2020 civil unrest after the murder of George Floyd

This is a list of protests held in Wisconsin related to the 2020 murder of George Floyd in neighboring Minnesota. Additional protests occurred in late August in Kenosha, Wisconsin in the aftermath of the shooting of Jacob Blake. Protests also occurred in 2020 in Wauwatosa, Wisconsin during the aftermath of the shooting of Alvin Cole.

== Locations ==
=== Appleton ===
Over one thousand people gathered in downtown Appleton on May 30 and 31 for a peaceful protest down College Avenue to Houdini Plaza and the Appleton Police Department.

=== Eau Claire ===
Hundreds marched from Phoenix Park to Owen Park through downtown Eau Claire on May 31. On June 5 another rally was held in Phoenix Park followed by a march of reportedly thousands through the streets of downtown Eau Claire.

=== Fond du Lac ===
On May 31, dozens marched along Johnson Street to protest police brutality and the murder of George Floyd.

=== Franklin ===
Over two hundred protesters marched through the city and held a peaceful rally on June 11, starting at the Franklin library.

=== Green Bay ===
On the evening of May 30 and the afternoon of May 31, there were peaceful protests held in downtown Green Bay. However, on the evening of the 31st, a Marathon gas station was looted, and several shots were fired. The police began firing rubber pellets at the protesters, at which point, the crowd began throwing rocks at the police. Police dispersed the crowd with gas. On June 7, an estimated 1,000–2,500 people showed up to march across the Walnut Street Bridge and protest police brutality after the murder of George Floyd, making it the largest protest in recent Green Bay history. The crowds were so big that the intended path for the protest, walking from Leicht Memorial Park to the Green Bay Police Department, needed to be scrapped. Organizers stated that activists from groups that were not previously familiar with one another united as a form of grieving and solidarity in the hope to achieve wide-scale police reform. The protest was completely peaceful, with no arrests or incidents of looting and vandalism reported. Activists later took to City Hall looking to remove a curfew put in by Green Bay police, mayor Eric Genrich and the majority of city council members; the curfew was set to curb looting and vandalism that had occurred at times from previous protests.

=== Kenosha ===

Between 100 and 125 demonstrators peacefully marched through downtown Kenosha on May 31. Members of the City Council supported the peaceful protests while condemning the violent ones in Milwaukee. After the shooting of Jacob Blake on August 23, further protests broke out in Kenosha which resulted in 2 protesters being shot and killed.

=== La Crosse ===
On the evening of May 29 and 30, 2020, there were peaceful protests held in downtown La Crosse. June 3: Nearly 700 protesters marched from Riverside Park and to City Hall. Demonstrators kneeled for nine minutes and speakers talked about their own local experiences of racism. In response the La Crosse Police Department launched a "transparency tab" on their website to better inform the public on how they operate.

=== Madison ===
On May 30, there was a peaceful demonstration at the State Capitol with around 1,000 attendees. As the evening progressed, it evolved into a riot with some storefronts on State Street being damaged, and a conflict with police that was met with tear gas. A neighborhood curfew was declared by Mayor Satya Rhodes-Conway.

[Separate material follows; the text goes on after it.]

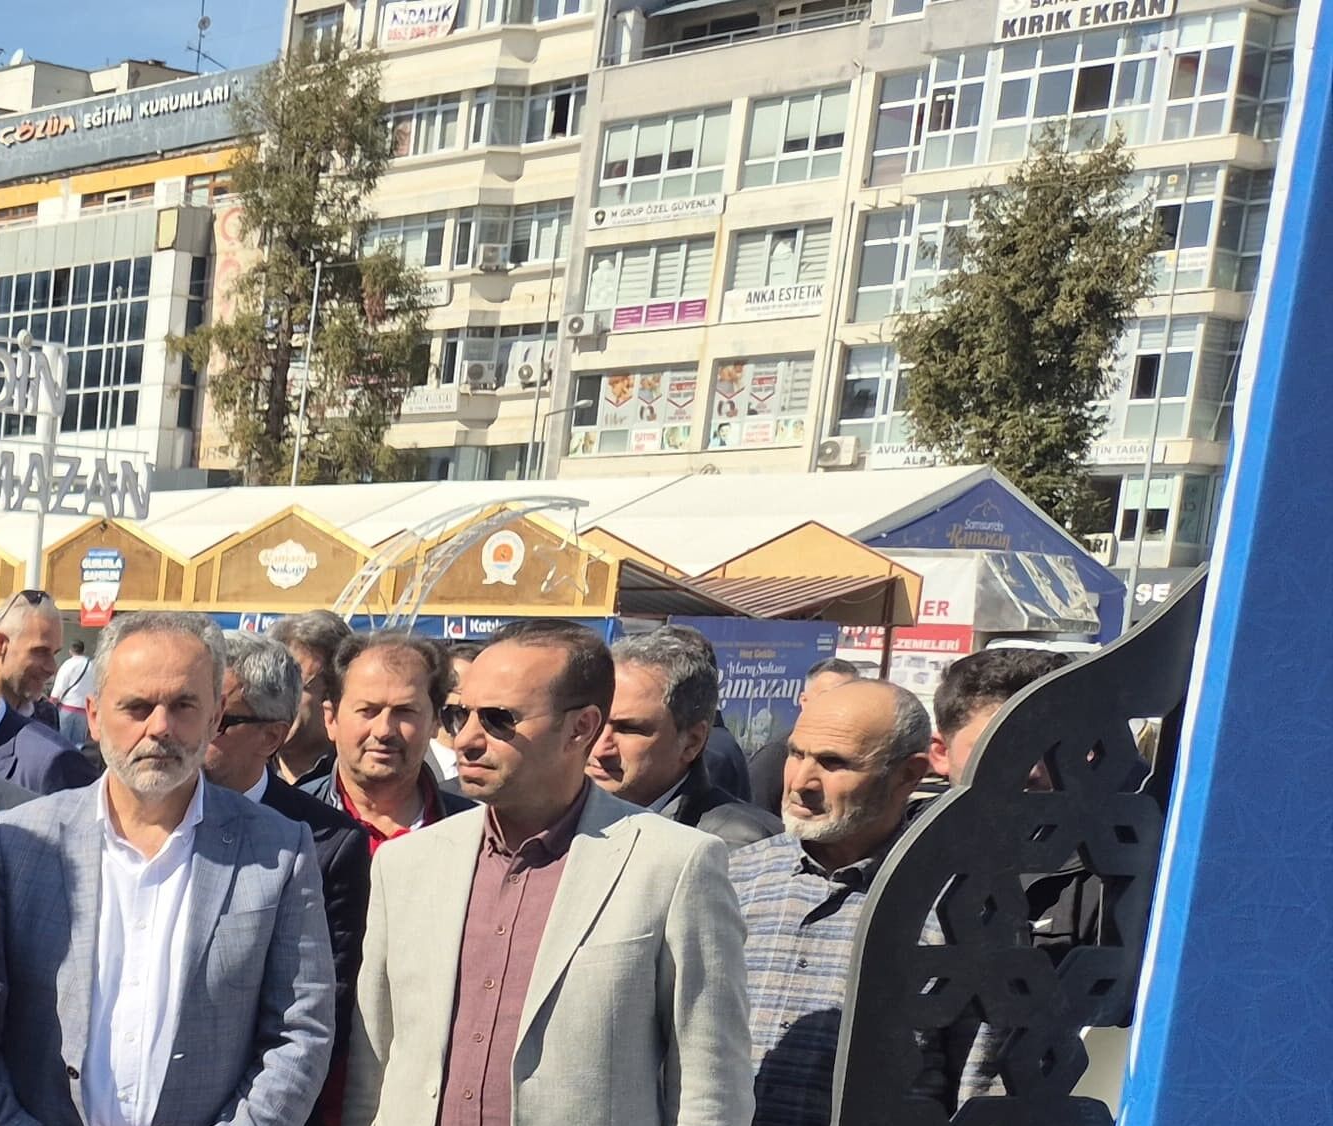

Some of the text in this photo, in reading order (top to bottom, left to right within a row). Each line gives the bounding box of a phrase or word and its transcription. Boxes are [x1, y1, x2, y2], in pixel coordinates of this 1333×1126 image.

On June 23, in response to the arrest of activist Devonere Johnson, who had caused a disturbance in a restaurant with a baseball bat and a bullhorn, around 300 protesters blocked traffic, caused damage to several buildings, and toppled two statues. State Senator Tim Carpenter was also attacked by protesters.

=== Marinette ===
On the early afternoon of June 3, a peaceful protest was held on Stephenson Island, which is on the state line between Wisconsin and Michigan and alongside US HWY 41. Close to 100 protesters attended. Some local businesses were boarded up and closed for the day, and another business had volunteer personnel in army camouflage, armed with semi-automatic rifles standing-by. Many drove by and made vulgar gestures and remarks toward protesters, but no violence erupted.

=== Milwaukee ===
On May 29, hundreds of protesters in Milwaukee blocked highways and organized a vehicle procession that traveled several miles. There were reports of looting and mild arson at a Walgreens pharmacy, as well as the looting of a Boost Mobile store. Several other businesses were damaged. In addition, one police officer was mildly injured by gunfire. Protests over the killing of Joel Acevedo by an off-duty Milwaukee police officer were prompted by the George Floyd protests.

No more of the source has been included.